Sarcoma is often known as the “forgotten cancer,” only making up approximately 1% of cancer diagnoses in adults but about 15% of cancers in those under the age of 20.
Sarcoma forms in the body’s connective tissues that support, protect and give structure to other tissues and organs in the body, such as bone, cartilage, fat, blood and lymphatic tissue. There are more than 70 kinds of sarcomas, but they generally fall into two categories: bone and soft tissue.
Many sarcoma patients require high doses of radiation as part of their treatment, making the disease an ideal candidate for proton therapy. This special type of radiotherapy is used for cancer treatment and can spare other tissue in the body from receiving radiation, resulting in fewer and less severe short- and long-term side effects than those associated with standard radiation therapy.
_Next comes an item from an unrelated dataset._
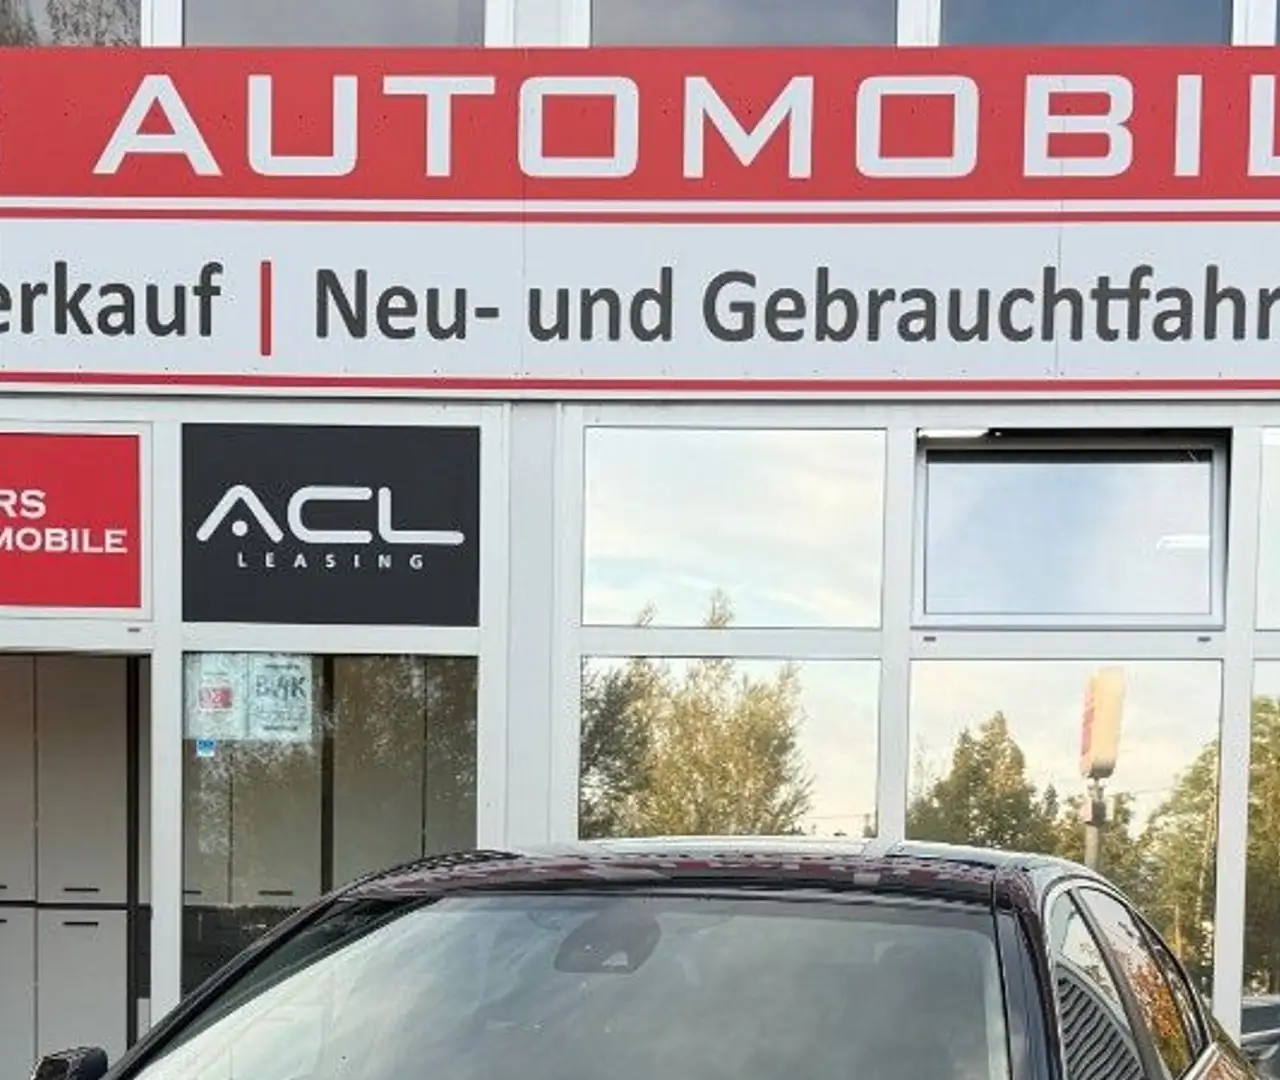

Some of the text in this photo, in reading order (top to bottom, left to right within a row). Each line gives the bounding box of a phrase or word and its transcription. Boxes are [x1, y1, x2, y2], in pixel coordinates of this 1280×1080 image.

[316, 269, 499, 340] Neu-
[528, 266, 673, 342] und
[196, 484, 465, 546] ACL
[237, 552, 424, 570] LEASING
Proton therapy uses high-energy protons to destroy cancer cells. A machine is used to speed up the protons and painlessly deliver them through the skin and into the tumor.
Traditional radiation is nonspecific and damages normal tissue just like it kills cancer cells. Proton therapy can reduce that risk by only targeting the areas of the body affected by cancer.
Radiation and surgery can increase the risk of a bone fracture, whereas proton therapy reduces the amount of radiation to bone and helps reduce the possibility of a fracture. Multiple studies have shown that patients receiving proton therapy also have better survival rates when compared with other radiation treatment.
It might sound like something out of a science fiction movie, but proton therapy has proven to be an effective tool for combating cancer.